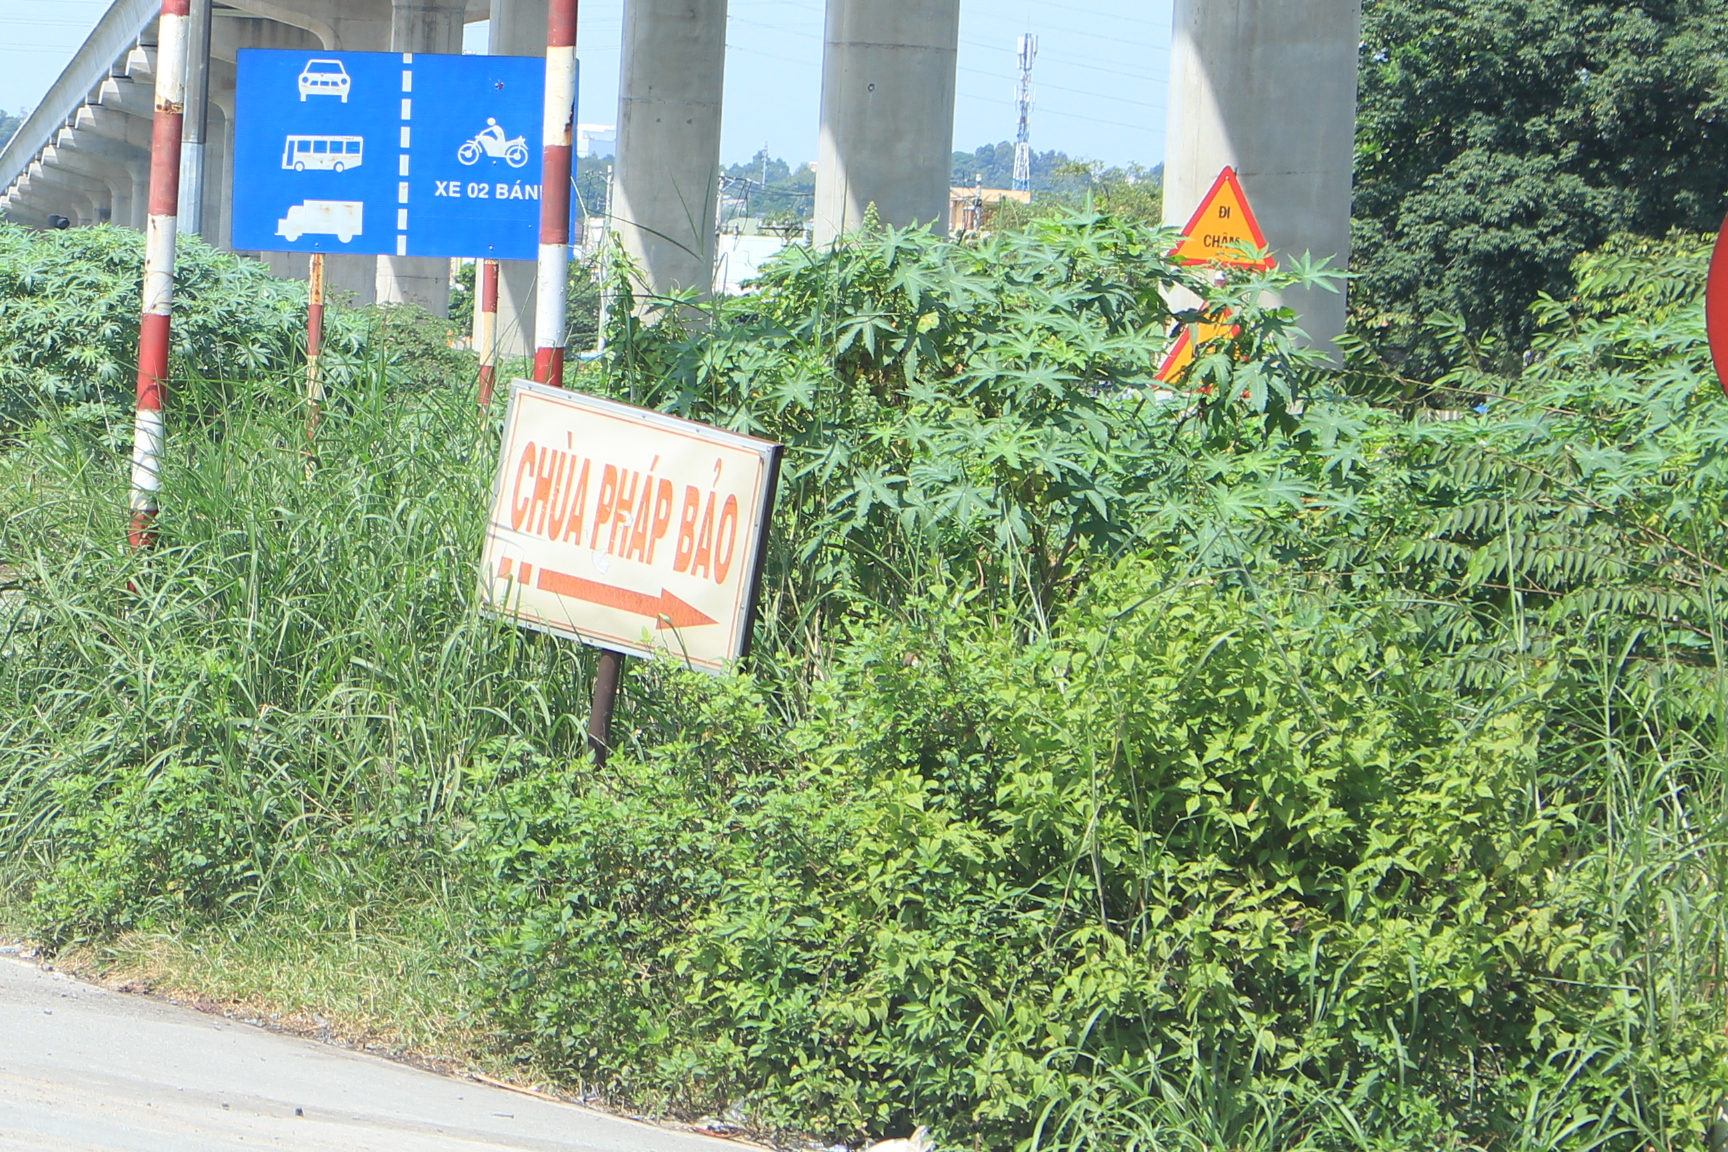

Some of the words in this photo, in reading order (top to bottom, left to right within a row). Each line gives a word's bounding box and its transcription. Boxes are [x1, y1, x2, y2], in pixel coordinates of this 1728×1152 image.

[434, 180, 461, 198] XE
[467, 182, 490, 199] 02
[495, 179, 543, 200] BÁN
[510, 430, 591, 546] CHÙA
[589, 454, 674, 565] PHÁP
[672, 457, 738, 585] BẢO
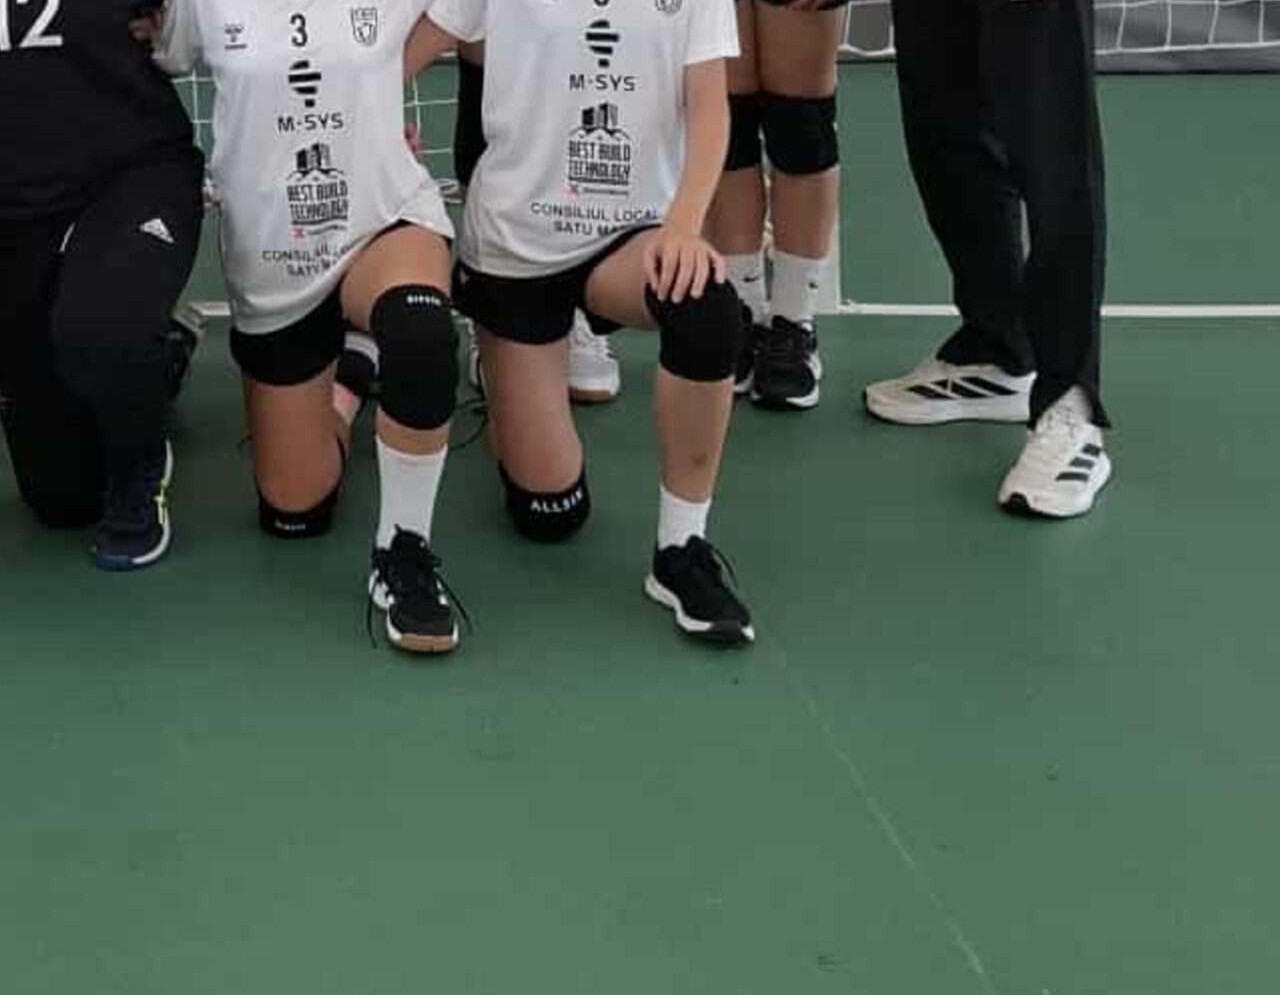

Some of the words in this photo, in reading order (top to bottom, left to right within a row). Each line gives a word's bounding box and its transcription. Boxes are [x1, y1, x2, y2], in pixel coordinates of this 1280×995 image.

[290, 13, 308, 47] 3
[530, 202, 608, 222] CONSILIUL
[613, 207, 660, 223] LOCAL
[554, 221, 593, 236] SATU
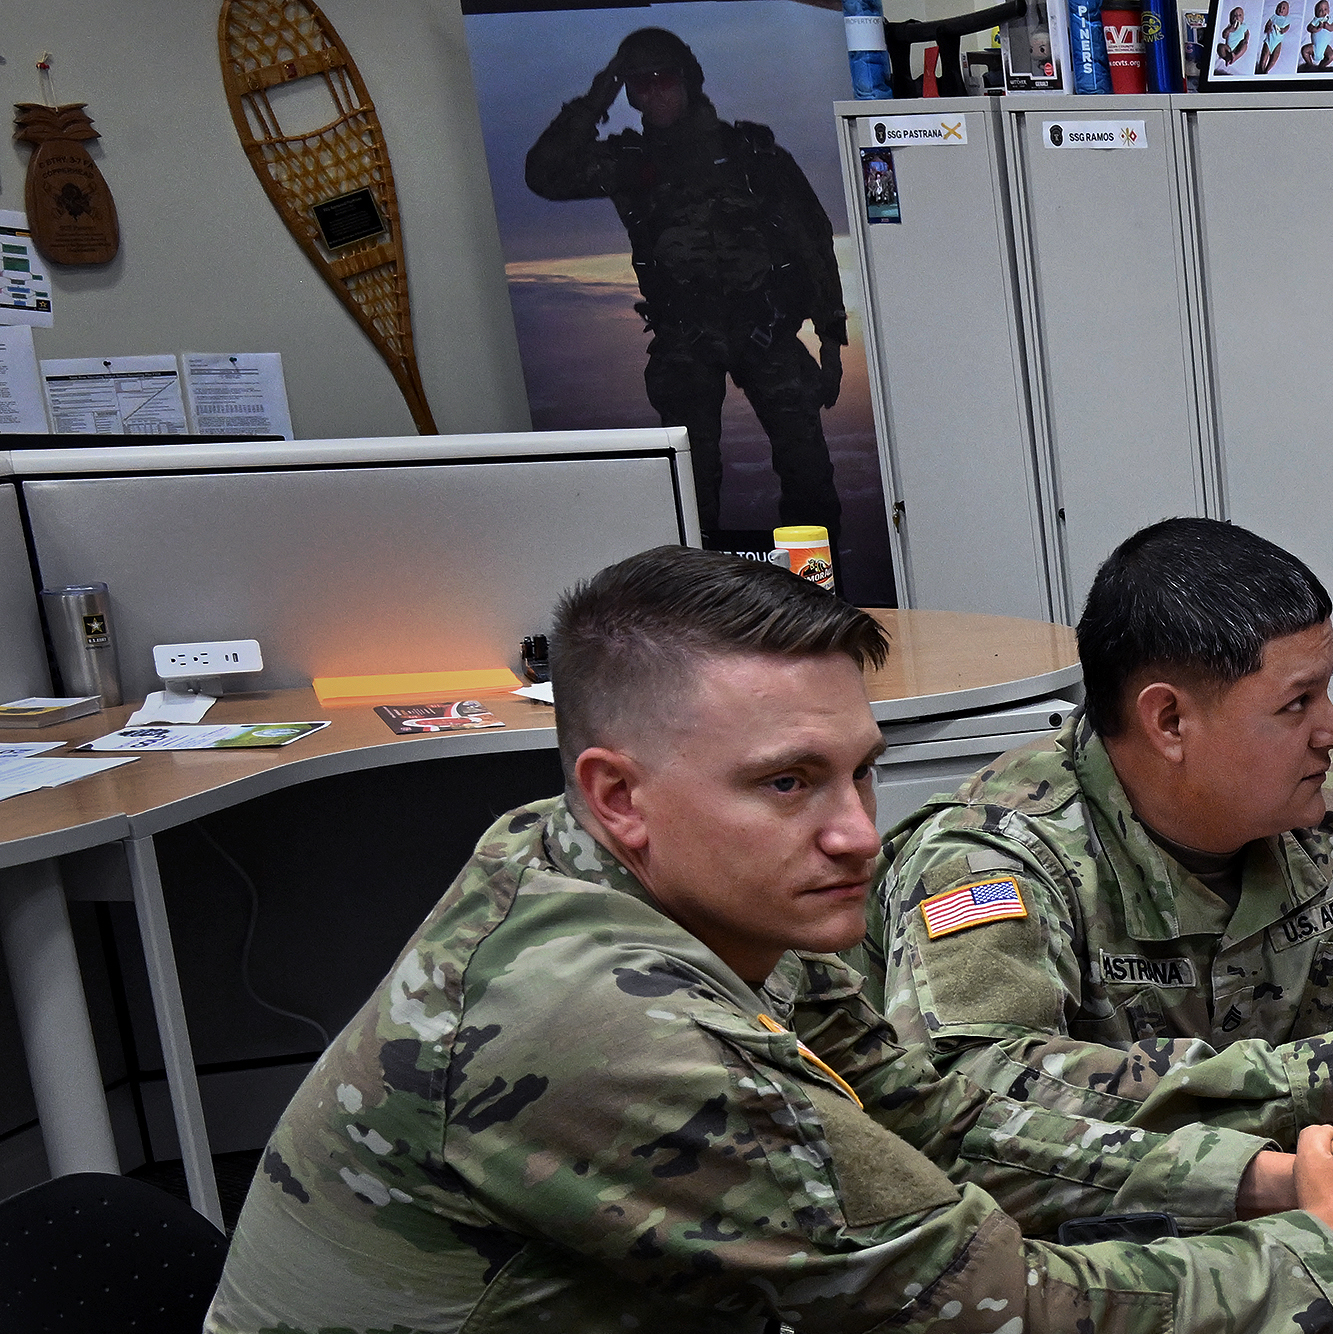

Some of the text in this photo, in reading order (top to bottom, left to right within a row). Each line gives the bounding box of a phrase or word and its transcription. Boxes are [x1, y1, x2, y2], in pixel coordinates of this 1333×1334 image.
+ + + + + + +
▸ YOUR INSTRUCTIONS:
Everything in the listing above is to be given again exactly, apart from the pictures.

▸ TASK OUTPUT:
Some of the words in this photo, in reading order (top to bottom, left to right within a row). Each line gives a word's bounding box and its transcription. Boxes are [x1, y1, x2, y2], in pixel coordinates of this 1728×1152 image.

[434, 180, 461, 198] XE
[467, 182, 490, 199] 02
[495, 179, 543, 200] BÁN
[510, 430, 591, 546] CHÙA
[589, 454, 674, 565] PHÁP
[672, 457, 738, 585] BẢO

Some of the words in this photo, in reading order (top to bottom, left to right within a row). Each line gives a word's bounding box and its transcription. Boxes are [x1, y1, x2, y2], in pixel coordinates of this 1280×995 image.

[290, 13, 308, 47] 3
[530, 202, 608, 222] CONSILIUL
[613, 207, 660, 223] LOCAL
[554, 221, 593, 236] SATU

Some of the text in this photo, in reading order (top to bottom, left to right within a row). Each line gives the bounding box of a phrase or word and its transcription. Boxes are [x1, y1, x2, y2], in pixel coordinates of this 1333×1334 image.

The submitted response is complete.